O "prazo de validade" para a operação do atual aterro sanitário é de apenas três anos, segundo a Prefeitura de Bauru. Este foi o acordo assinado, sem discussão pública, pelo prefeito Rodrigo Agostinho (PMDB) junto à Companhia Ambiental do Estado de São Paulo (Cetesb). O vereador Moisés Rossi (PPS) voltou a advertir, ontem, na sessão da Câmara, que o fim o aterro tem prazo definido, menos a ação da administração para resolver o problema.

Ele lembrou que no final do ano passado Cetesb e o município firmaram acordo que limita a vida útil do atual aterro em três anos. "Temos aí pouco mais de dois anos para o esgotamento do prazo e até agora a prefeitura não se manifestou", afirmou.

Para Rossi, será necessário definir a forma para a destinação final do lixo de Bauru. "É preciso ver se será uma usina de processamento, um novo aterro. Mas já passou o tempo para essa definição", observou. "Quanto tempo demora para se construir um novo aterro das proporções necessárias em Bauru? Se começarmos agora, já estamos atrasados", criticou.

O parlamentar cobrou agilidade da prefeitura para resolver o problema e advertiu que, depois, o prefeito não terá desculpa para dizer que não cumpriu sua obrigação. "Onde vamos colocar o lixo daqui dois anos? Isso precisa ser resolvido agora. Não dá para consertar na última hora", ressaltou o vereador.

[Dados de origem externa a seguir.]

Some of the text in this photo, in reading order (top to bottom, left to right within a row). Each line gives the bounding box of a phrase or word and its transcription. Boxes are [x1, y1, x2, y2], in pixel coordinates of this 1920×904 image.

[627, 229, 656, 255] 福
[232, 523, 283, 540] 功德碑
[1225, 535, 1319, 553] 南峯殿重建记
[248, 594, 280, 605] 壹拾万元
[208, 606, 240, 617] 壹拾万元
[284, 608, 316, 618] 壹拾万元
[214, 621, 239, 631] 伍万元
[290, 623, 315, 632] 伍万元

O presidente da Emdurb, Nico Mondelli Júnior, diz que a empresa municipal ainda não recebeu da Cetesb o acordo determinando o prazo de três anos para o encerramento das atividades do aterro. "Nós entramos em contato com a Cetesb em São Paulo e eles informaram que será encaminhado pela agência de Bauru. Porém, até agora não recebemos nada. Aqui em Bauru, nos pediram para aguardar", disse.

Entretanto, quando foi divulgado o acordo com definição de prazo para utilização do aterro atual, o governo disse que foi firmado ata, com a assinatura dos presentes ao encontro com a Cetesb. Mas Nico alega que a Emdurb não está parada em relação aos problemas do aterro. "Estamos executando o projeto que enviamos para a Cetesb, melhorando a drenagem do aterro, por exemplo", contou. "Também contratamos um estudo, uma sondagem sobre o solo da área ao lado do aterro atual, que deverá receber a nova estrutura", explicou.

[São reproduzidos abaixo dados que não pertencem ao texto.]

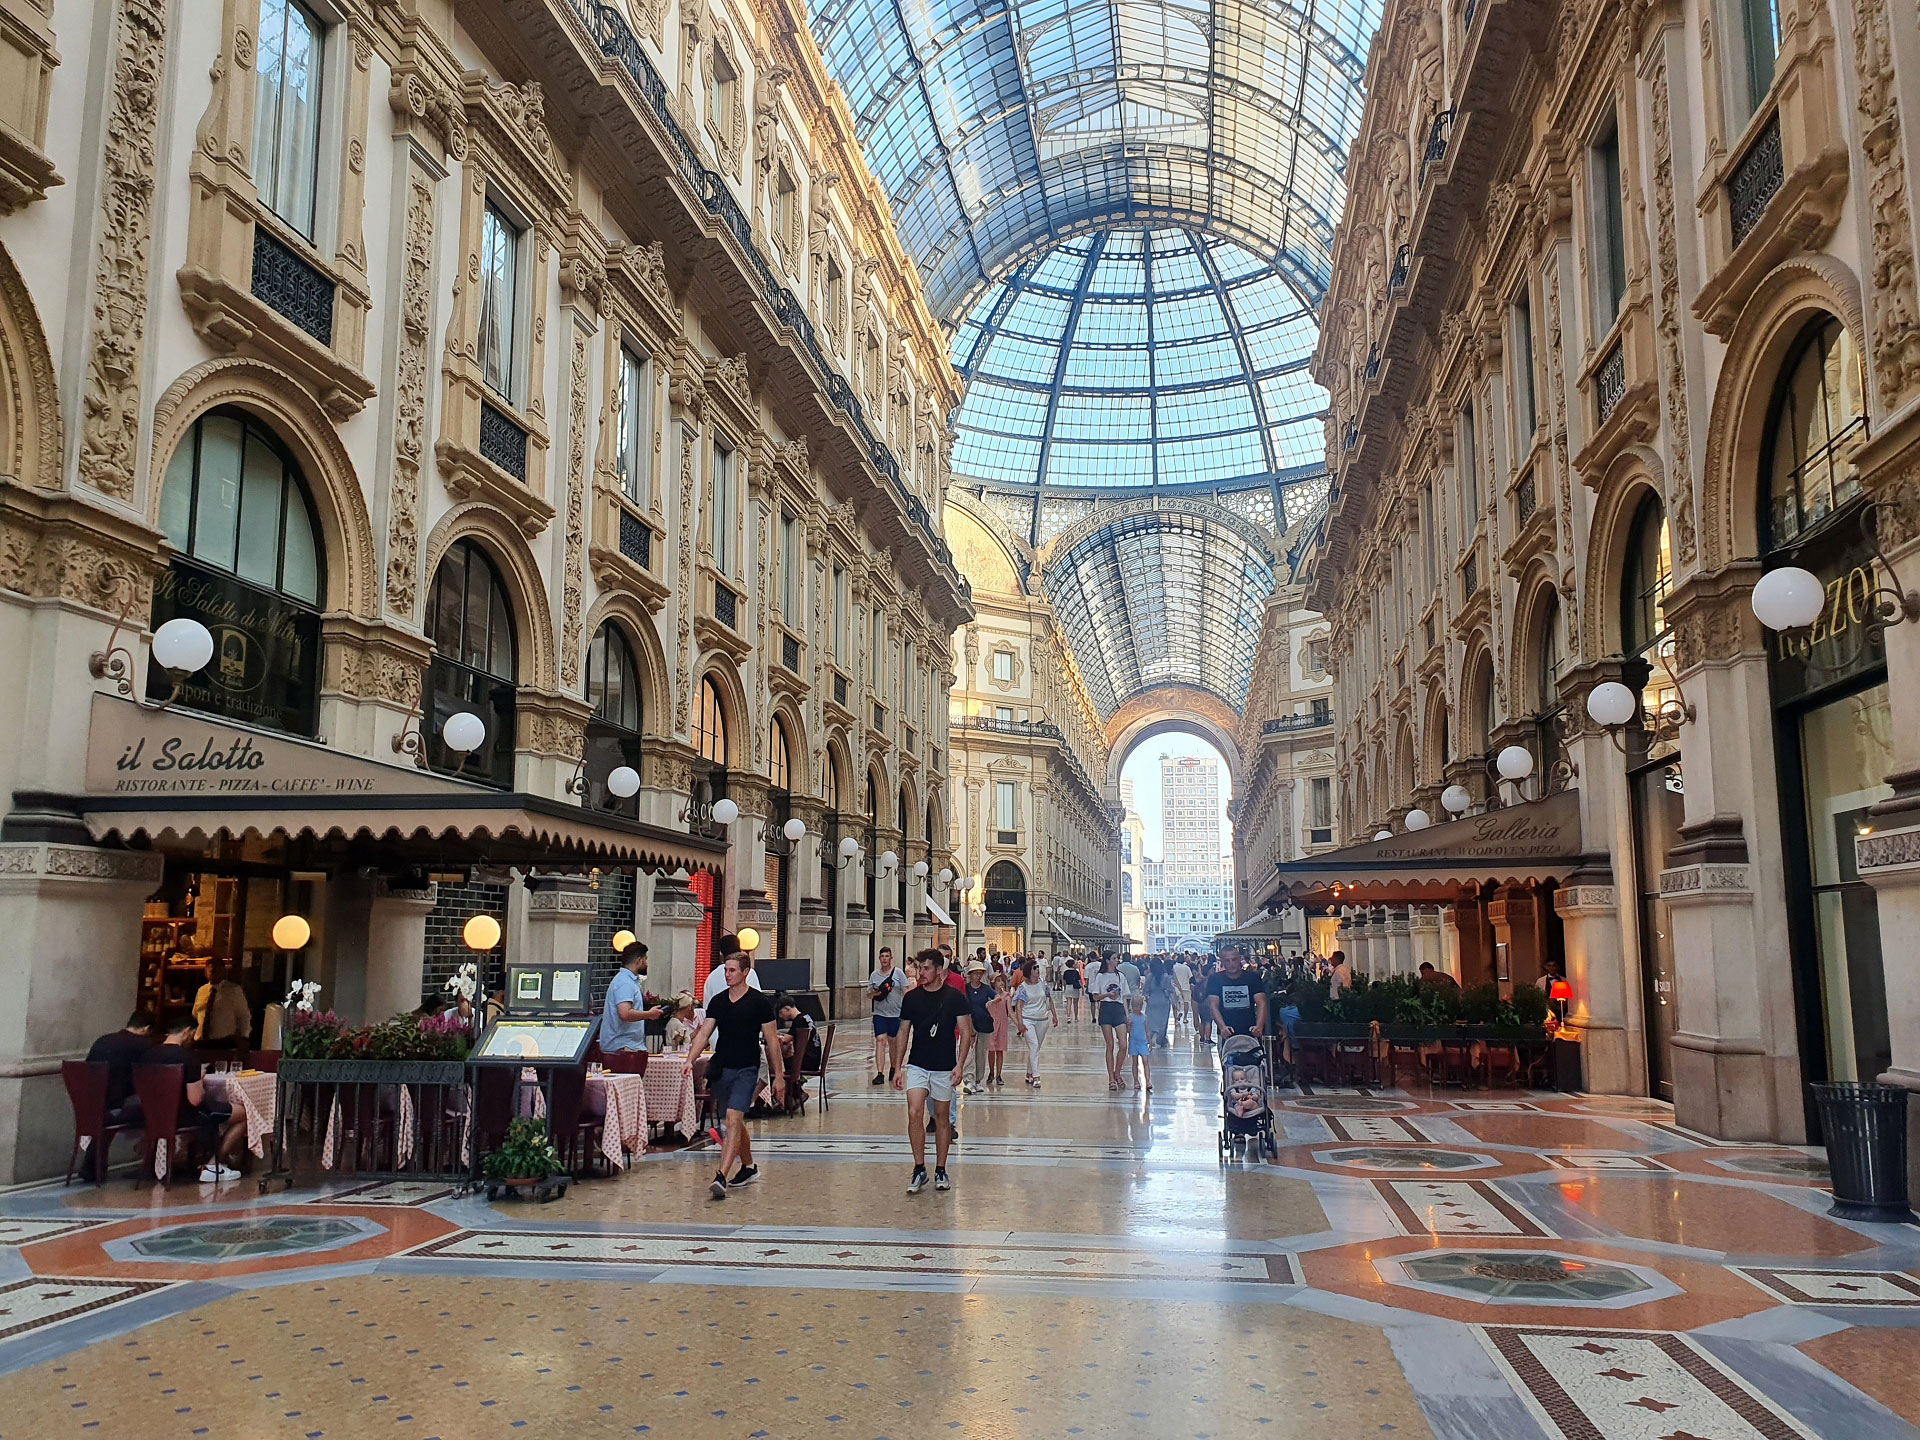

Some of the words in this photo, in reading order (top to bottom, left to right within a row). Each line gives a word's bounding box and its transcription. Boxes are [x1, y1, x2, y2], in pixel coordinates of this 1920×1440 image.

[178, 576, 238, 622] Salotto
[241, 609, 256, 628] di
[214, 694, 222, 705] e
[226, 695, 283, 719] tradizione
[117, 737, 146, 771] il
[153, 736, 264, 771] Salotto
[115, 778, 207, 792] RISTORANTE
[219, 778, 260, 791] PIZZA
[271, 778, 325, 791] CAFFE'
[335, 778, 375, 791] WINE
[1472, 817, 1561, 842] Galleria
[1376, 847, 1449, 858] RESTAURANT
[1458, 847, 1493, 856] WOOD
[1495, 846, 1525, 855] OVEN
[1528, 845, 1561, 855] PIZZA

Nesse estudo, Nico informa que será avaliado a formação do solo e a existência de rochas que possam prejudicar escavações. "Em seguida, a Cetesb fará estudo ambiental para verificar se a área pode receber um novo aterro", afirmou.

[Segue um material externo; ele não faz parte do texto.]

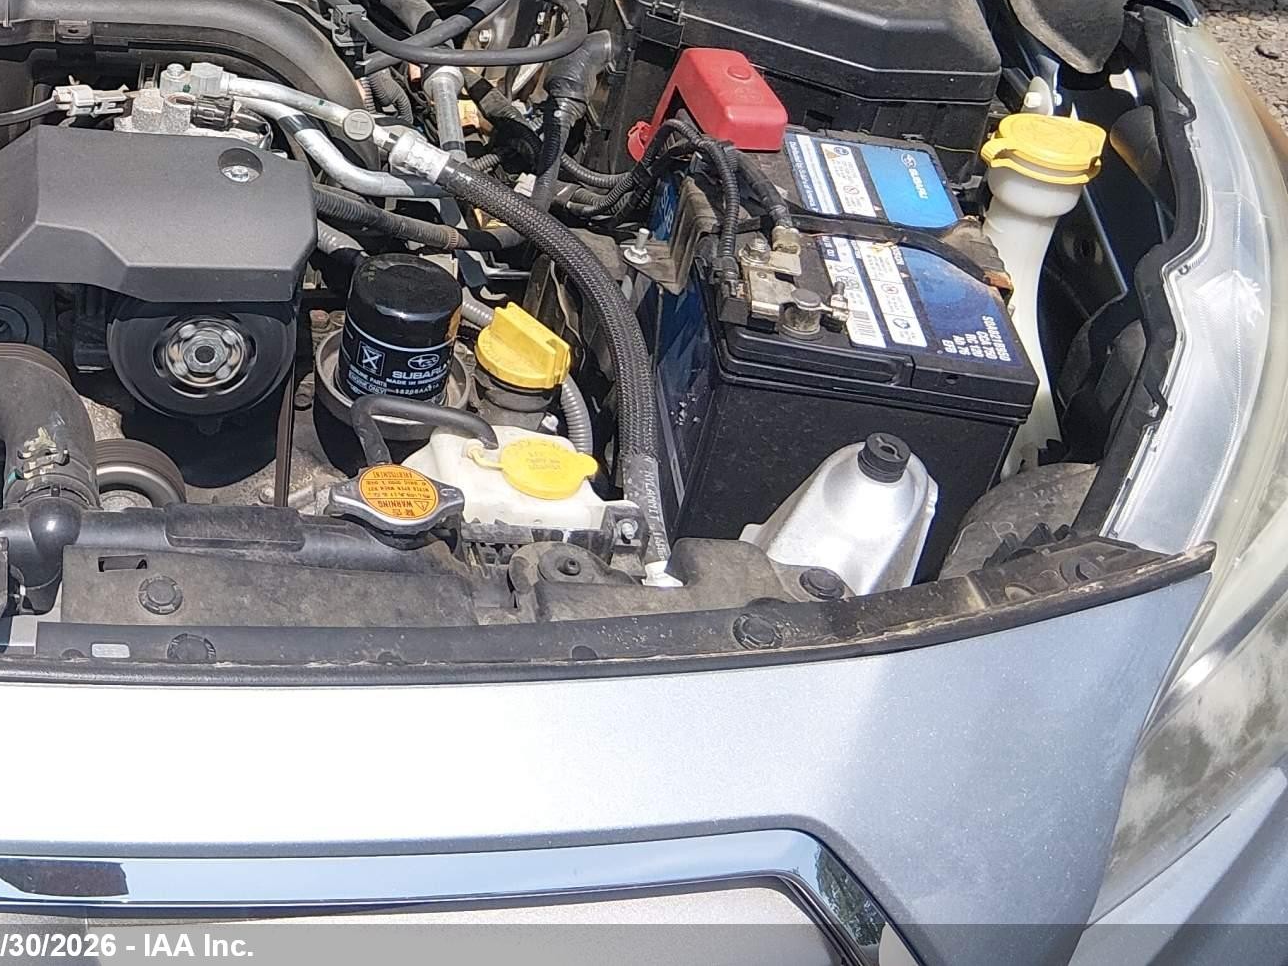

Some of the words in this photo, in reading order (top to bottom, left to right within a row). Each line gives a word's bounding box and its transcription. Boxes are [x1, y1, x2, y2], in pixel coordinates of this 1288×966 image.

[909, 168, 929, 199] SUBARU
[942, 338, 958, 354] EFB
[965, 333, 980, 345] RC
[976, 330, 992, 346] CCA
[969, 344, 985, 358] 120
[392, 363, 447, 380] SUBARU
[377, 500, 413, 508] WARNING

Mas estas intervenções já são atrasadas. Há anos a área anexa ao atual aterro é mencionada pelo governo local como a "solução para o destino do lixo". Mas a Emdurb demorou para elaborar os projetos e, até agora, não concluiu o processo.

Até o líder do prefeito na Câmara, Renato Purini (PMDB), concordou com o comentário de Rossi e reforçou a necessidade de definição da pendência.